I'm learning how to use Photoshop CS2. Let's say I have an image that I want to edit like the one below:










As you can see, it's a sapphire with a white background. Using Photoshop, how can I edit the background and change it to black?

Thanks


----------



## Inactive (Apr 11, 2005)

*Re: Editting background colour using Photoshop CS2*

that image is very pixelated to begin with, but i tried by making a selection around the sapphire. use guides if needed. then invert the selection and then negative the image. i then used hue/saturation/lightness to alter the shadowed area back to a blue. i'm not very good with photoshop.


----------



## koala (Mar 27, 2005)

*Re: Editting background colour using Photoshop CS2*

Another way is to use the Magic Wand tool to select areas of similar colour, in this case the white background.
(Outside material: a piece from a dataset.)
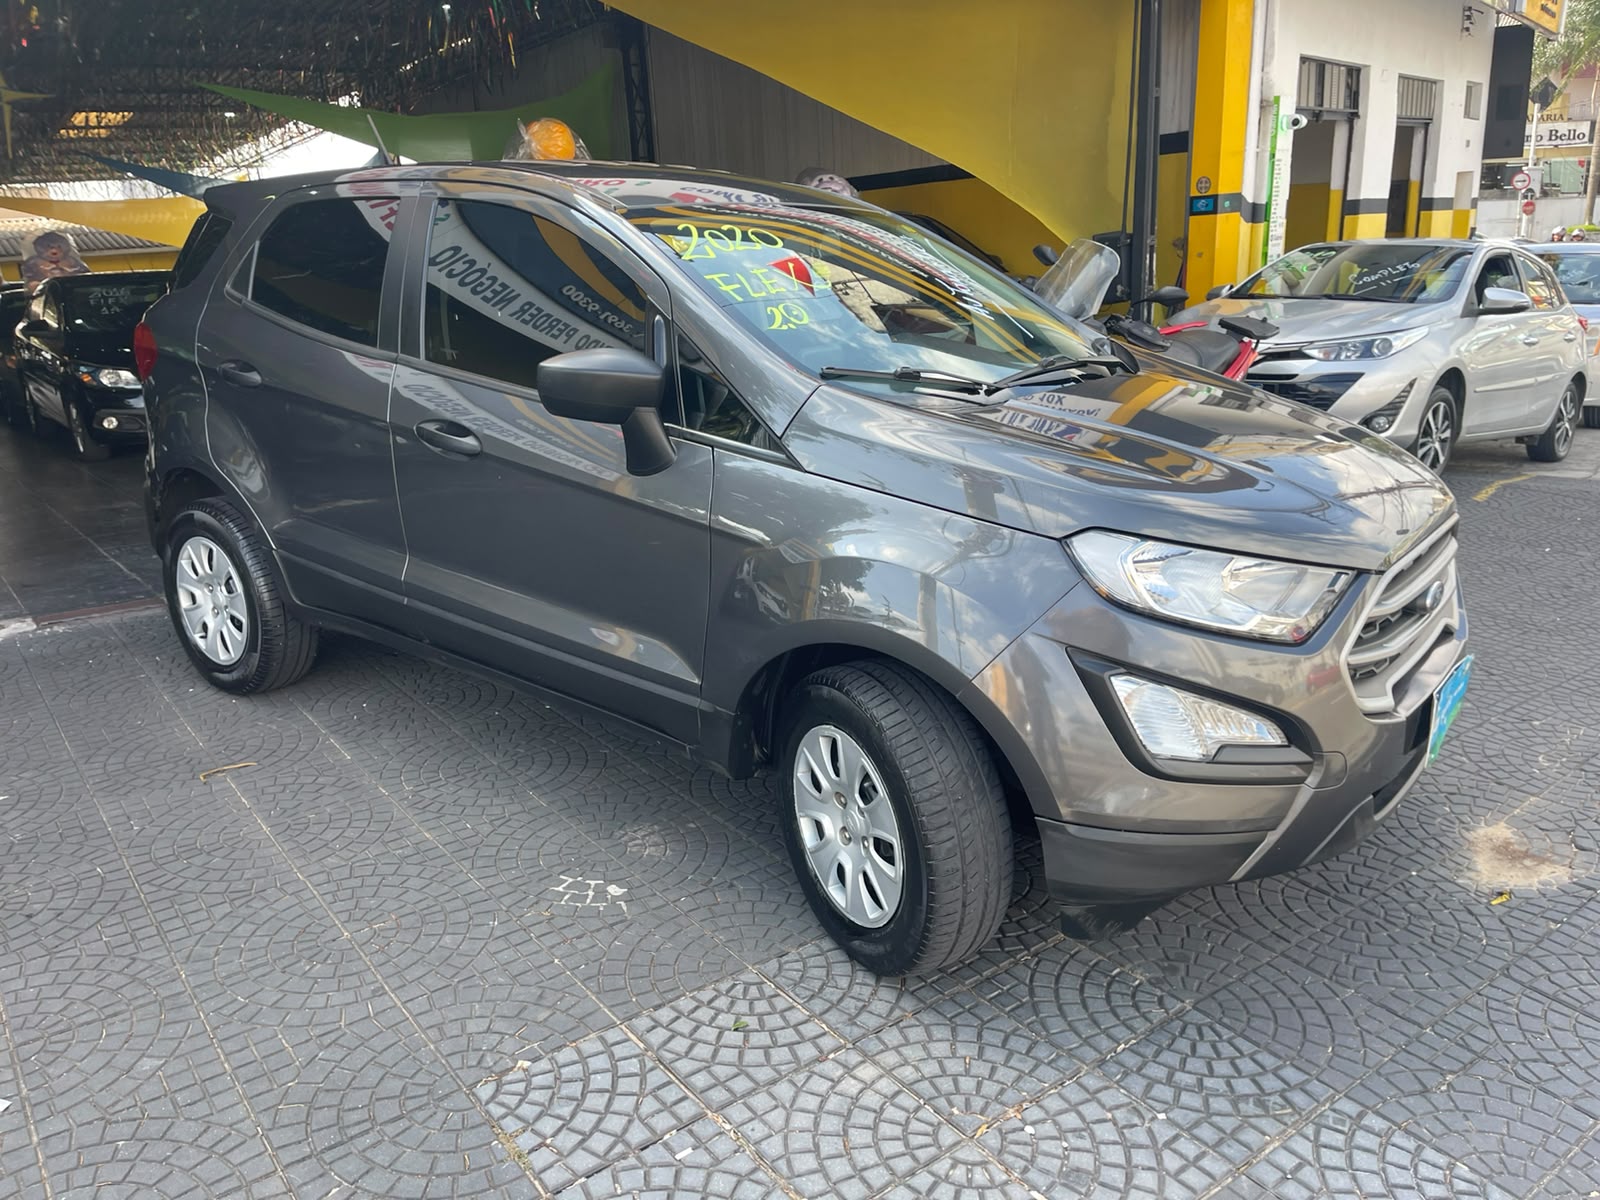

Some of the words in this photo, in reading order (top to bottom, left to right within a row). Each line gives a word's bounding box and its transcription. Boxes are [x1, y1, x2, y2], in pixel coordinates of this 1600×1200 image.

[1548, 129, 1586, 141] Bello
[676, 223, 784, 261] 2020
[704, 261, 832, 302] FLEX
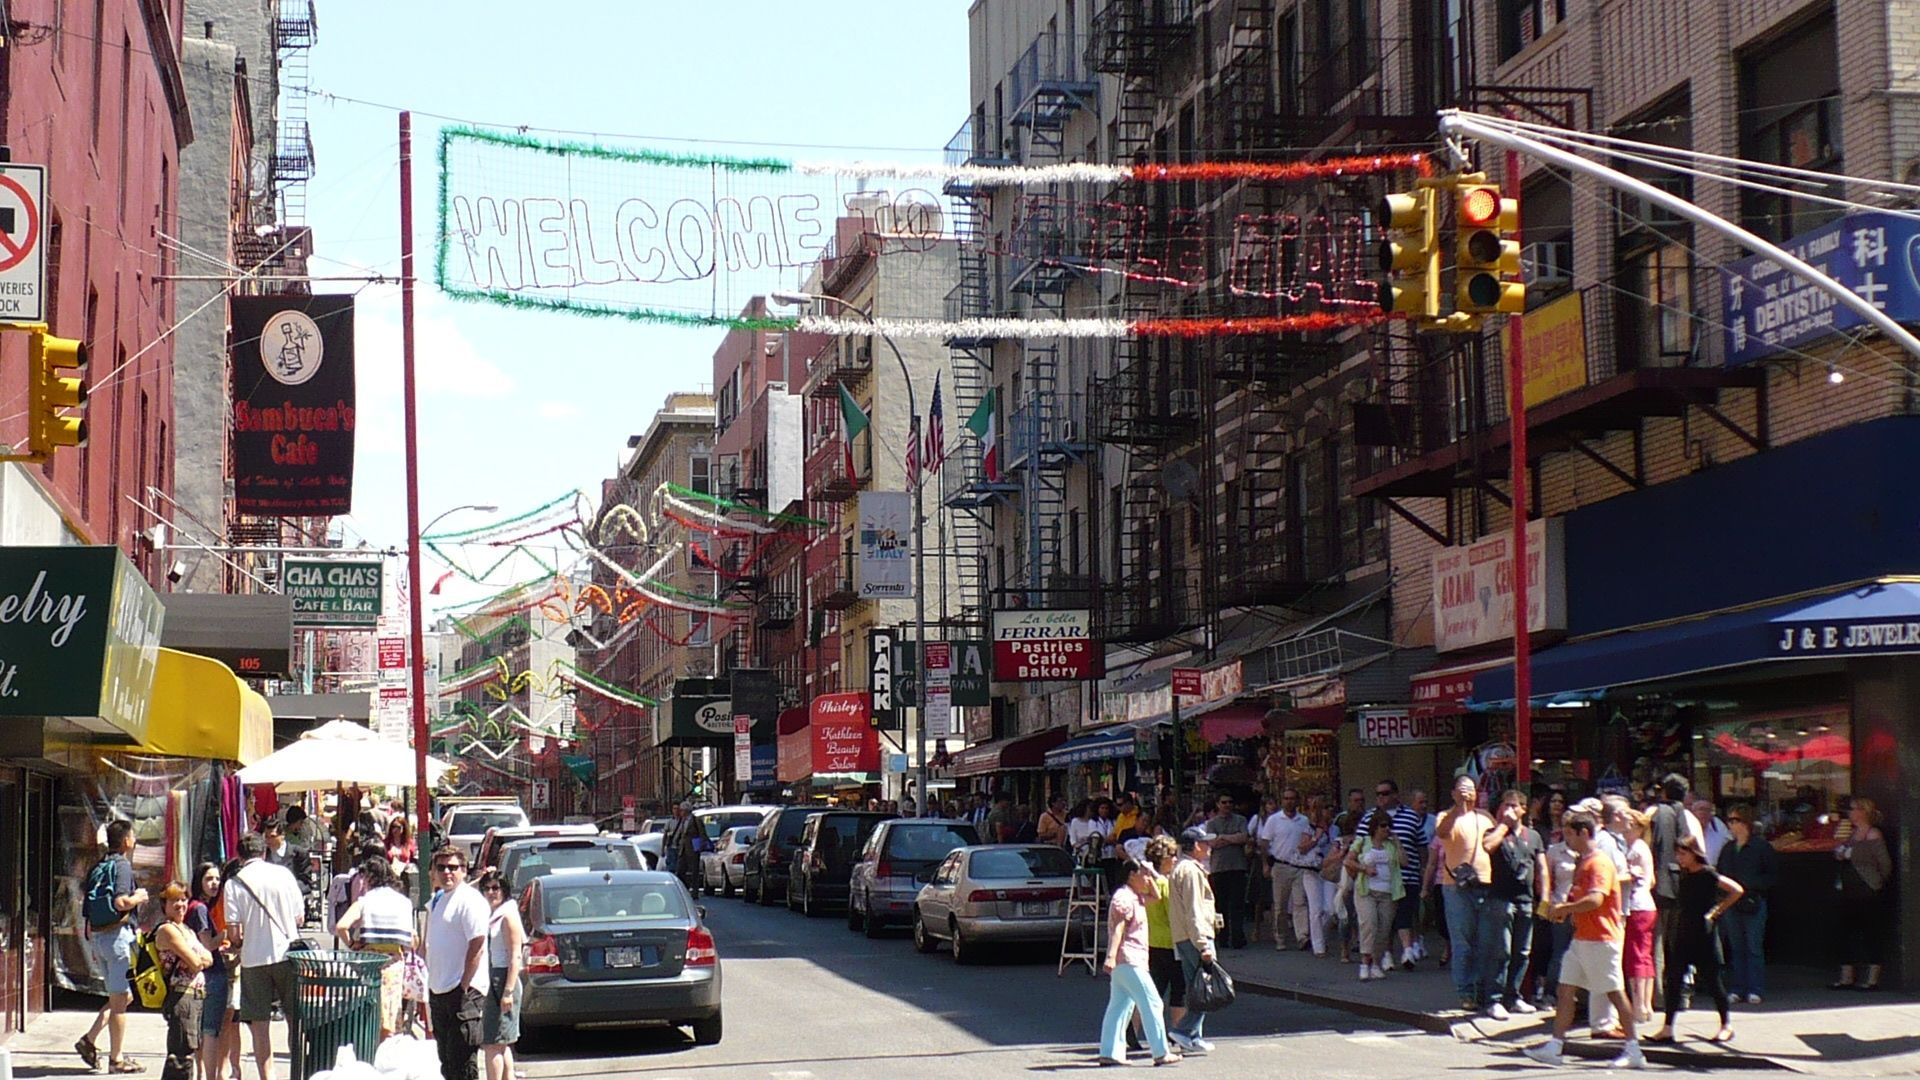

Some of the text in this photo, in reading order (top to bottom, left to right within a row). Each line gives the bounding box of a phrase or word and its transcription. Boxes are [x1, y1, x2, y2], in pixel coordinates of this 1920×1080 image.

Set the Tolerance level to 120 so it picks up the light blue shadow, then click anywhere on the background. Then go to Select > Modify > Smooth > 3 pixels to smooth out any jaggies around the edge of the sapphire. And finally go to Edit > Fill and choose the colour for the new background.










Tip: If the first attempt with the Magic Wand misses out some pixels or selects too many, change the Tolerance Level to a much lower number for more accuracy, then hold the Shift key and click the missing pixels to add them to the selection, or hold the Ctrl key and click the unwanted pixels to remove them from the selction. You can undo any mistakes and try again with a different Tolerance value by using Ctrl-Z.


----------



## HCP (Apr 14, 2006)

*Re: Editting background colour using Photoshop CS2*

And here's my finished image:










I did some extra smoothing and blurring to smoothe out the edges, so it wouldn't look like it has been editted.  

Thanks so much for your help! :smile:


----------